By Giuliana Vidarte | August 29, 2013

De mil flechazos herido ” (“Wounded by a thousand arrow shots”), an allusion to a poem by Manuel González Prada, is the title of the intervention project presented by Cecilia Paredes at the Pedro de Osma Museum in Lima.

Cecilia Paredes

In this proposal, her works coexist with the objects in the institution’s collection under a new critical perspective.

Paredes thus formulates a rewriting of the historical discourse featured in the Museum via the strategy of bringing face to face the “testimonial” pieces associated to the conquest and evangelization of Peru and its Vice-regal period, and the new works derived from the appropriation and rereading of certain religious themes and events included in the same historical period. Paredes looks to the past and intervenes in the space of admiration and veneration par excellence of that past – the museum. Thus she questions the way in which we construct that great official discourse of history, proposing the emergence of parallel narratives to recover discourses not represented before, discourses that generate questionings which can be associated even with the country’s current context.
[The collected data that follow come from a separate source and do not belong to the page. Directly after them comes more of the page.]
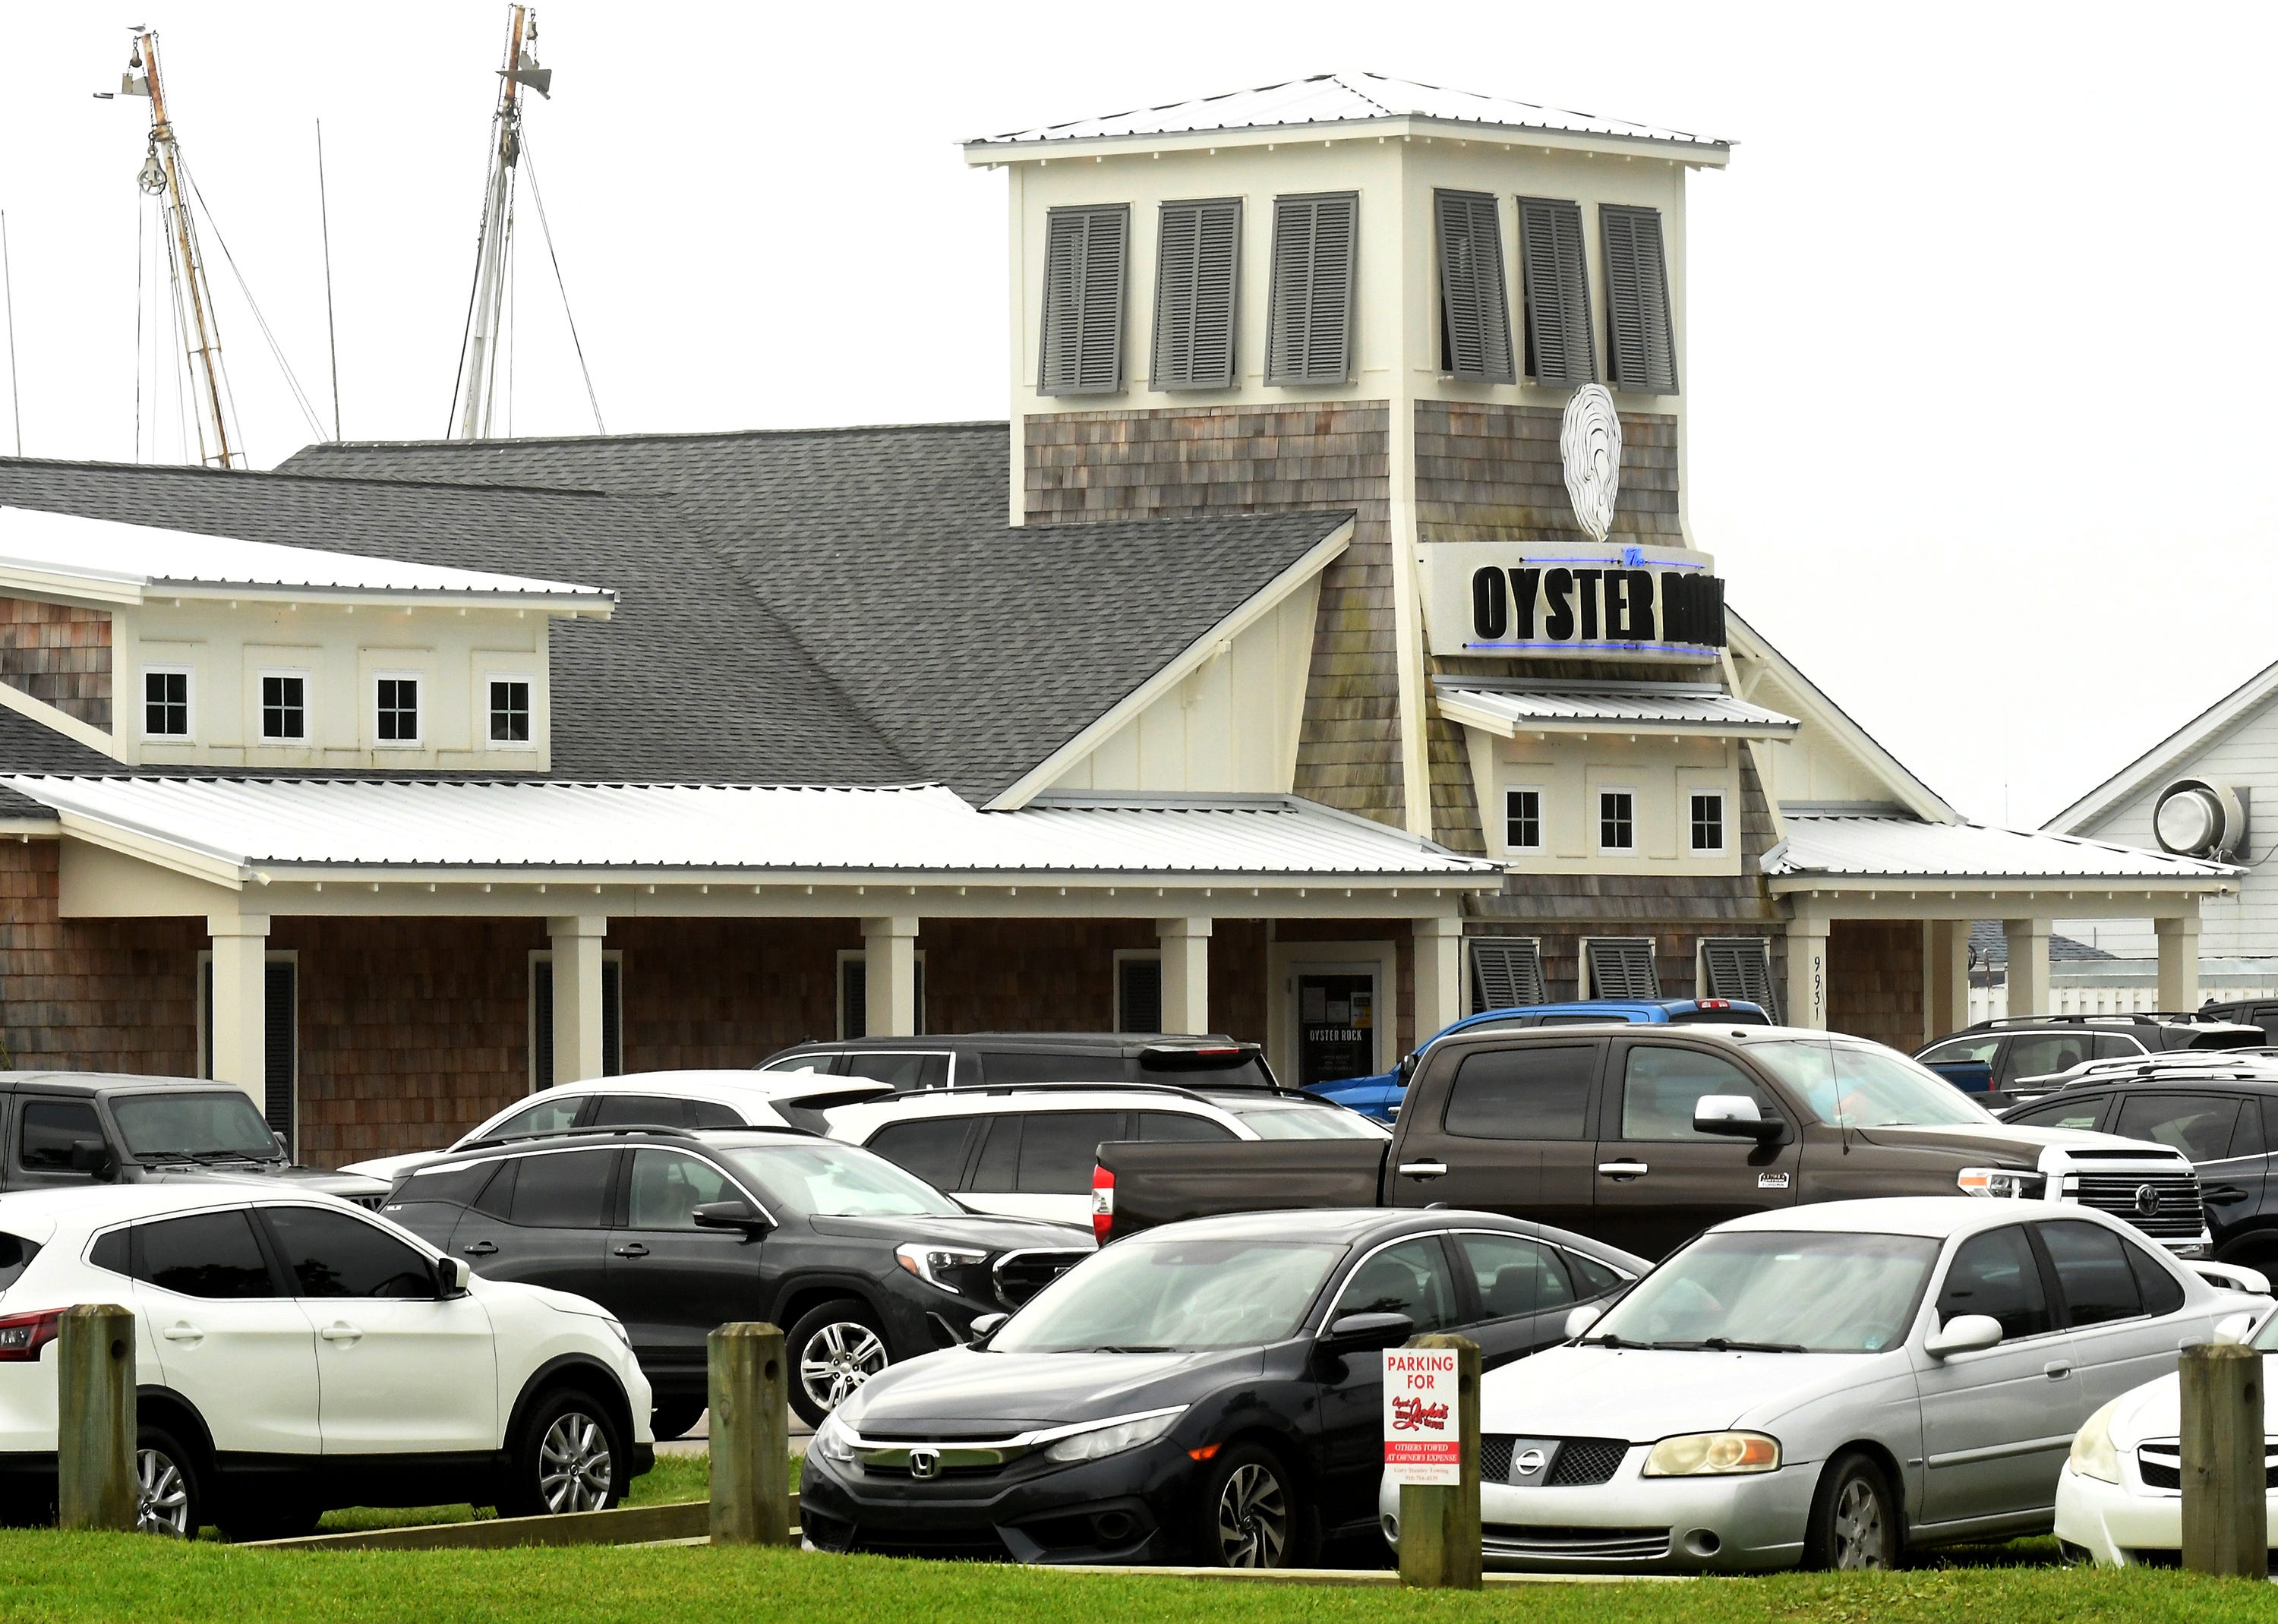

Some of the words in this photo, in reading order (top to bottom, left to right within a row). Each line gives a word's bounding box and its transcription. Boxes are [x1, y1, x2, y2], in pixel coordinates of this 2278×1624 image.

[1472, 566, 1656, 642] OYSTER
[1310, 1030, 1339, 1041] OYSTER
[1341, 1030, 1361, 1041] ROCK
[1388, 1357, 1453, 1371] PARKING
[1408, 1375, 1434, 1389] FOR
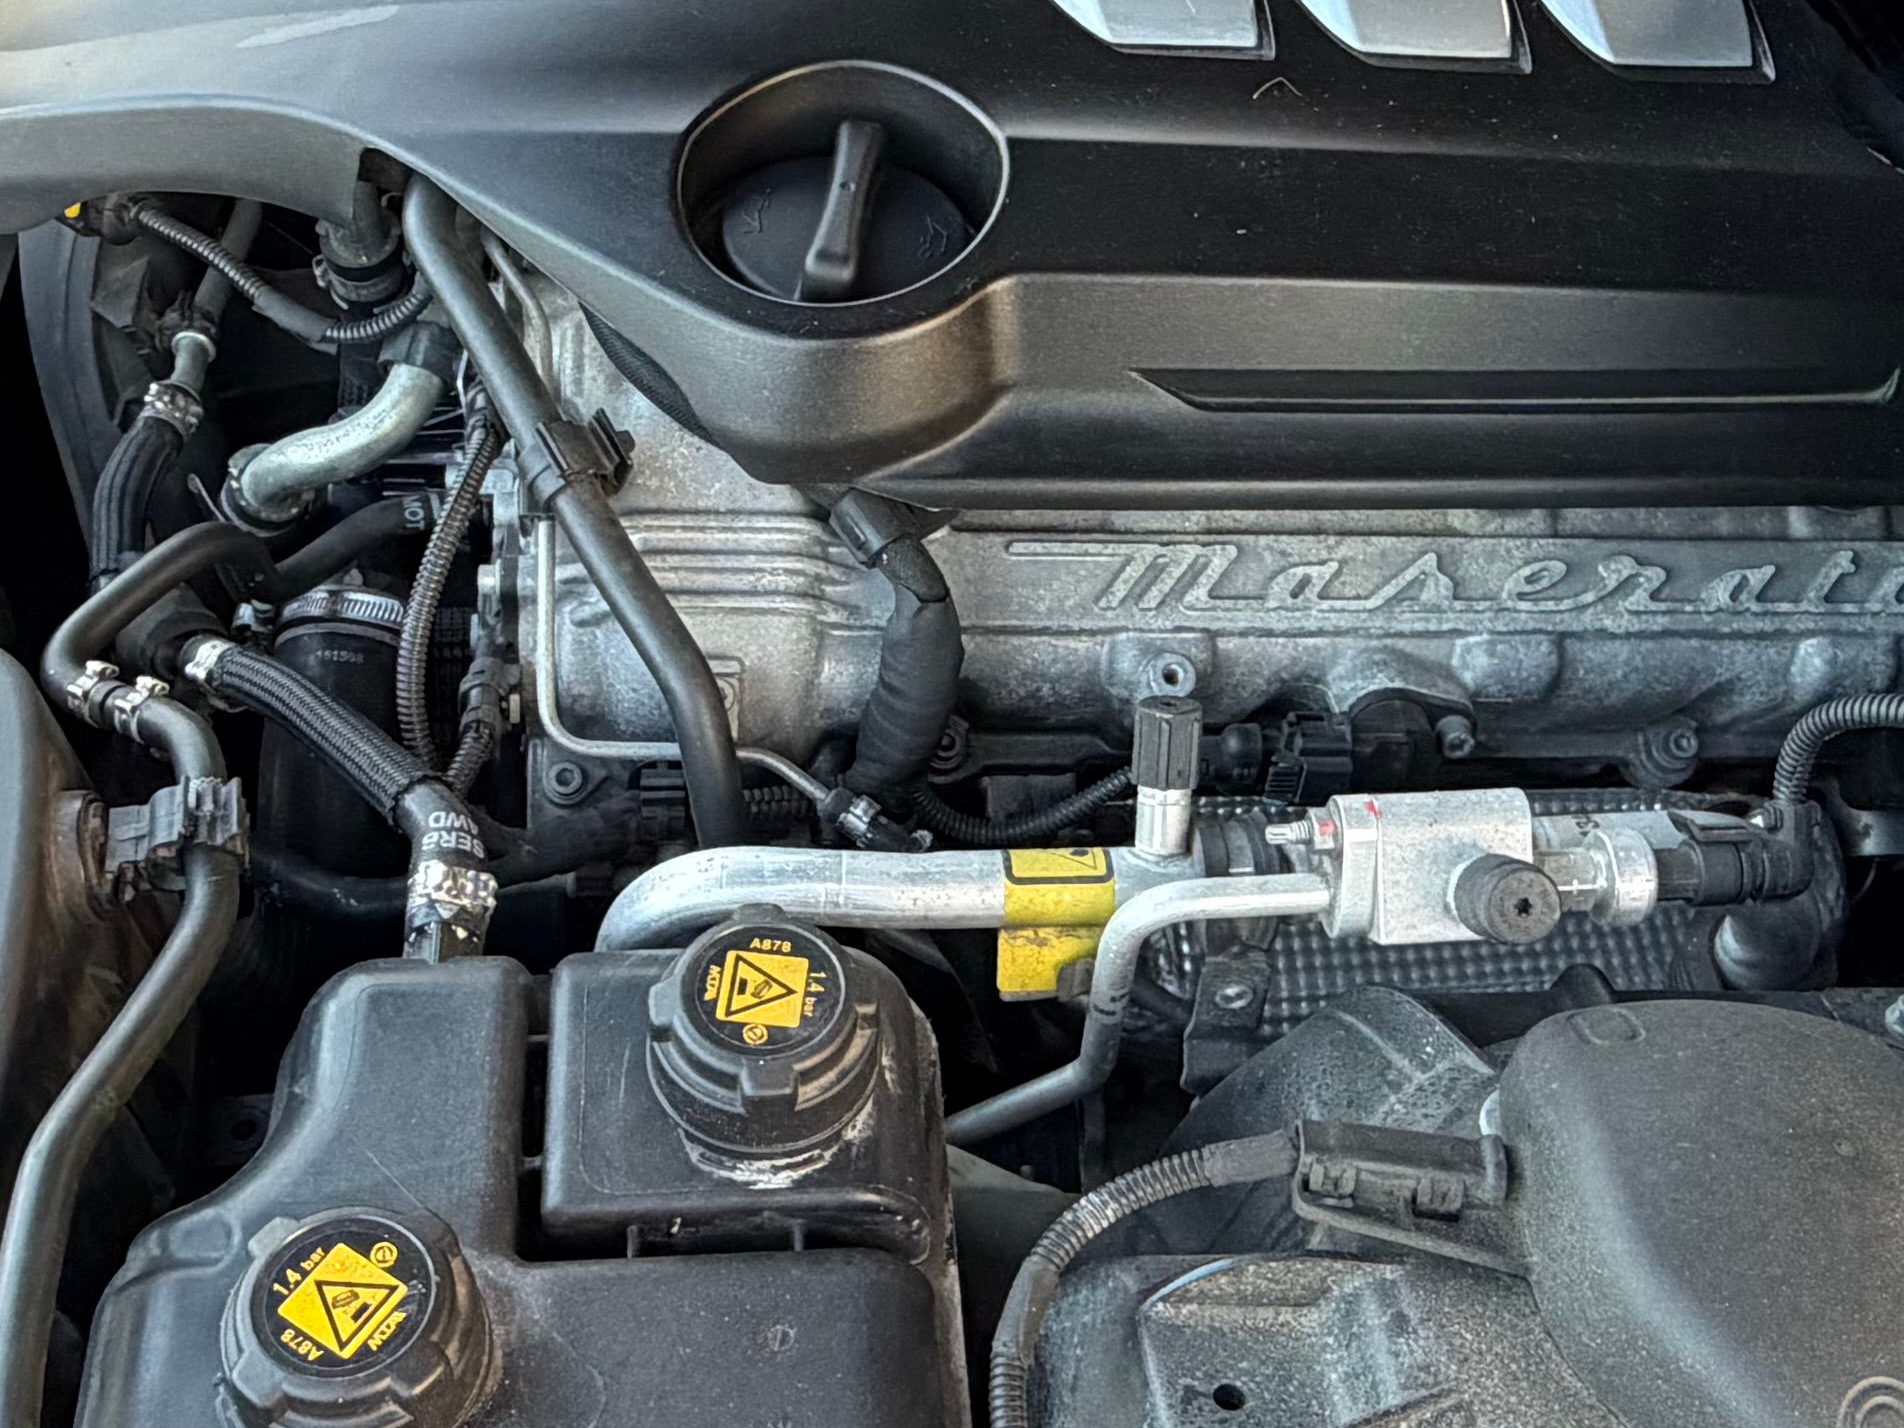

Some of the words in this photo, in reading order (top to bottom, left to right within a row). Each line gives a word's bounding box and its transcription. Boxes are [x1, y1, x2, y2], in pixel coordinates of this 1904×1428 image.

[749, 937, 792, 953] A878
[807, 971, 827, 993] 1.4
[803, 996, 818, 1017] bar
[272, 1267, 302, 1296] 1.4
[300, 1246, 326, 1272] bar
[280, 1328, 325, 1361] A878
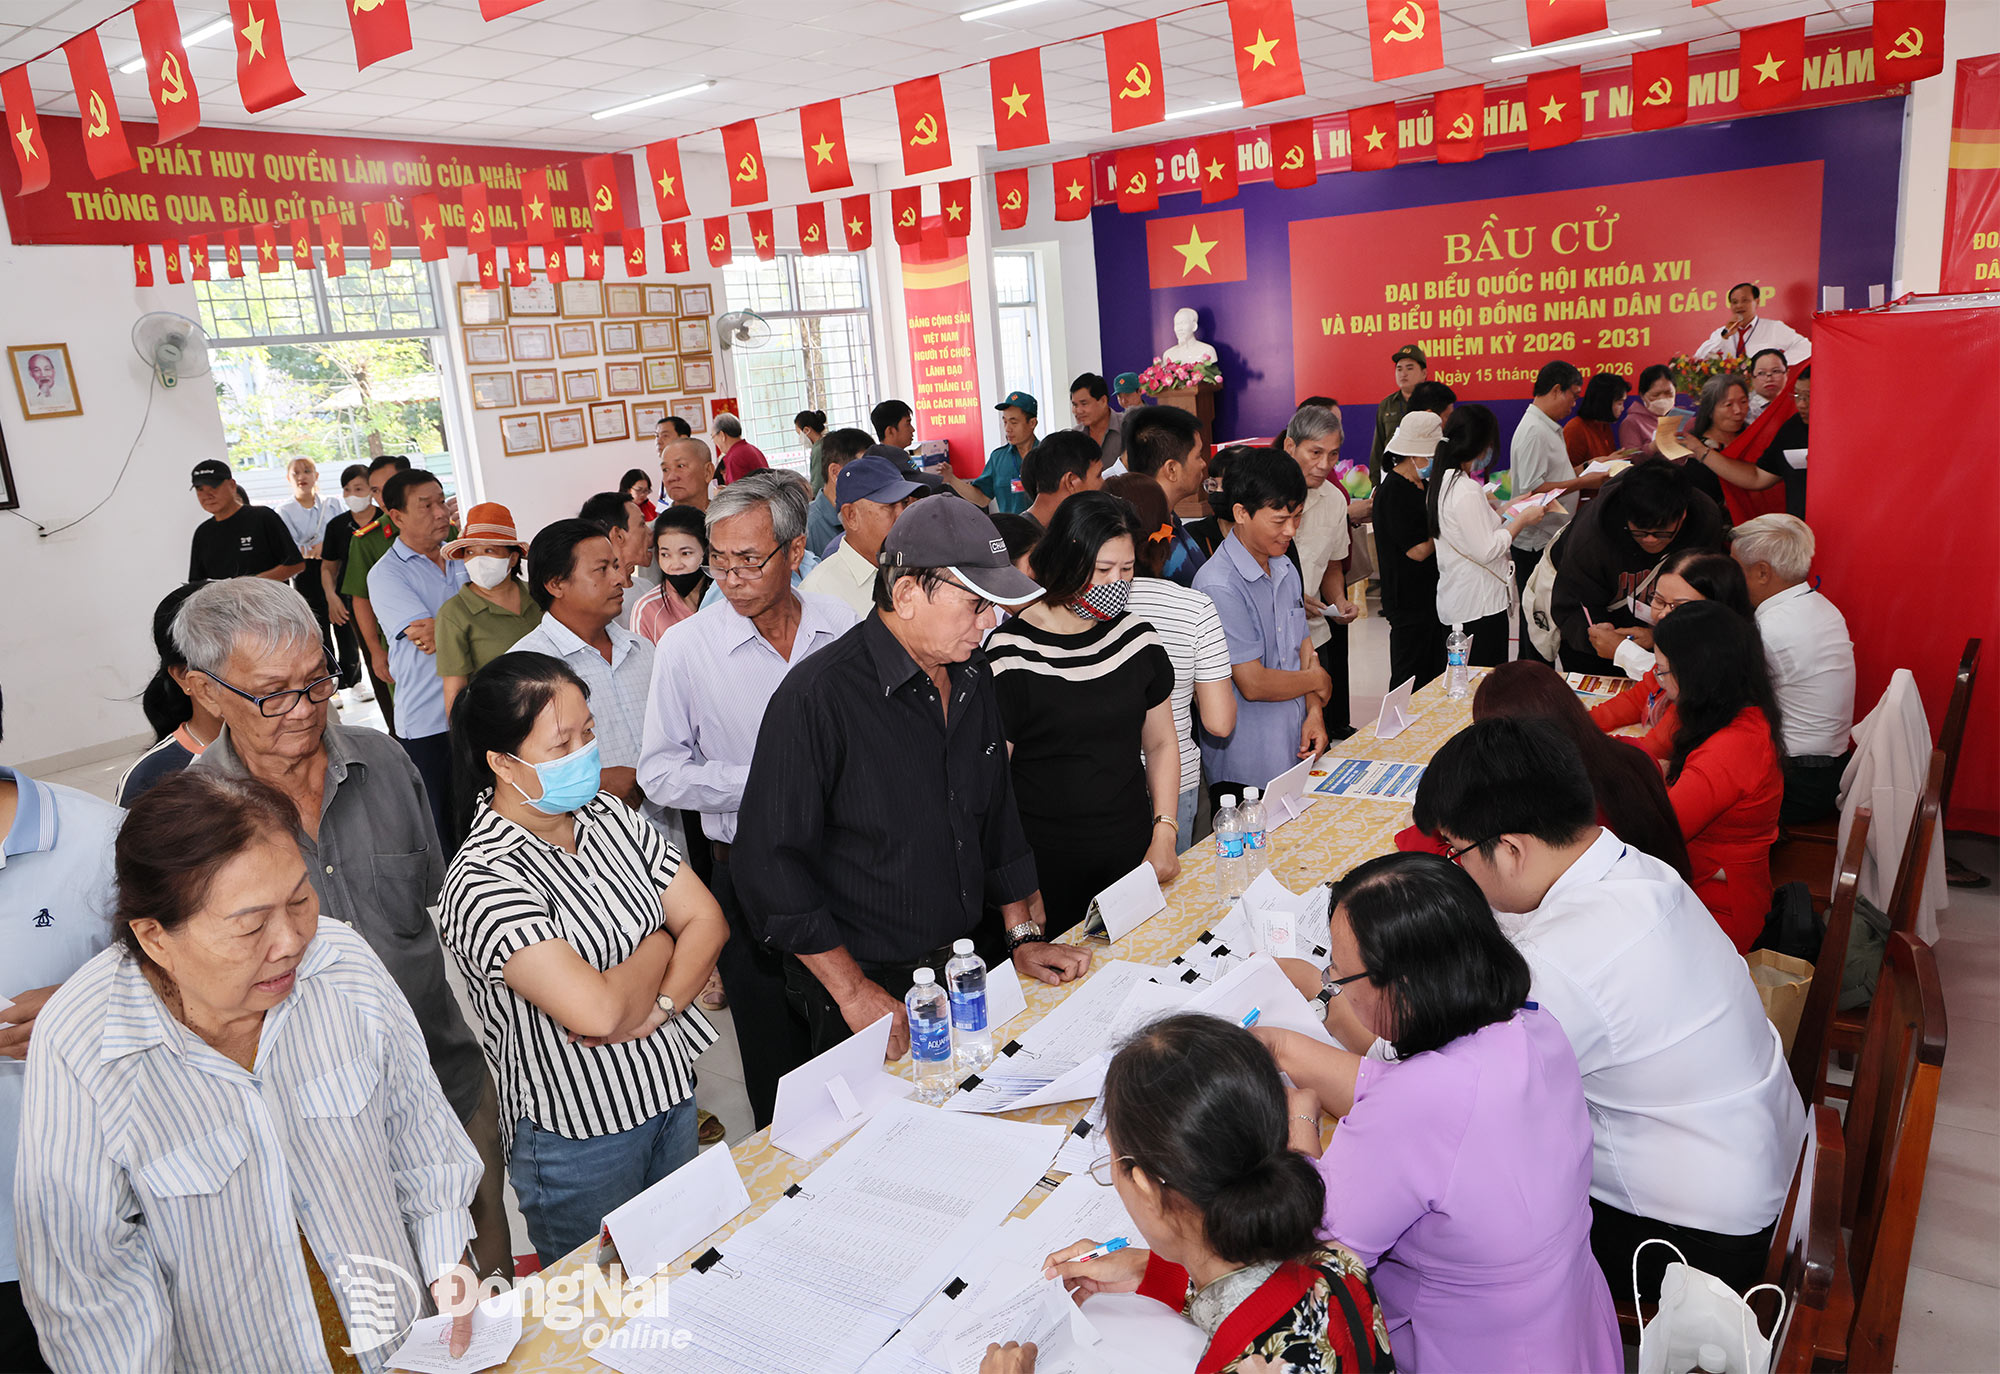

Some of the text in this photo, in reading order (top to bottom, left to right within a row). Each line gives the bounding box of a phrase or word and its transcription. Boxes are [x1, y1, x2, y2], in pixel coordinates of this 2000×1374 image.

Prohibitions, religious precepts, not being allowed to look, not being allowed to say, punishing curiosity, are elements which are present throughout the exhibition. The rebellion against these prohibitions is projected towards the viewer. “Wounded by a thousand arrow shots” thus permits a rupture of the official discourse and makes way for a viewer who, as witness, questions his/her own perspective of the Conquest and that of its current context, in order to address the complexity of the representations and subjectivities related to violence. Cecilia Paredes looks to the past; she intervenes in it; she rewrites it, and proposes the path of curiosity trodden by Lot’s wife, who also looked back; the spectators, too, are invited to see, for an instant and in the distance, the representation of barbarianism.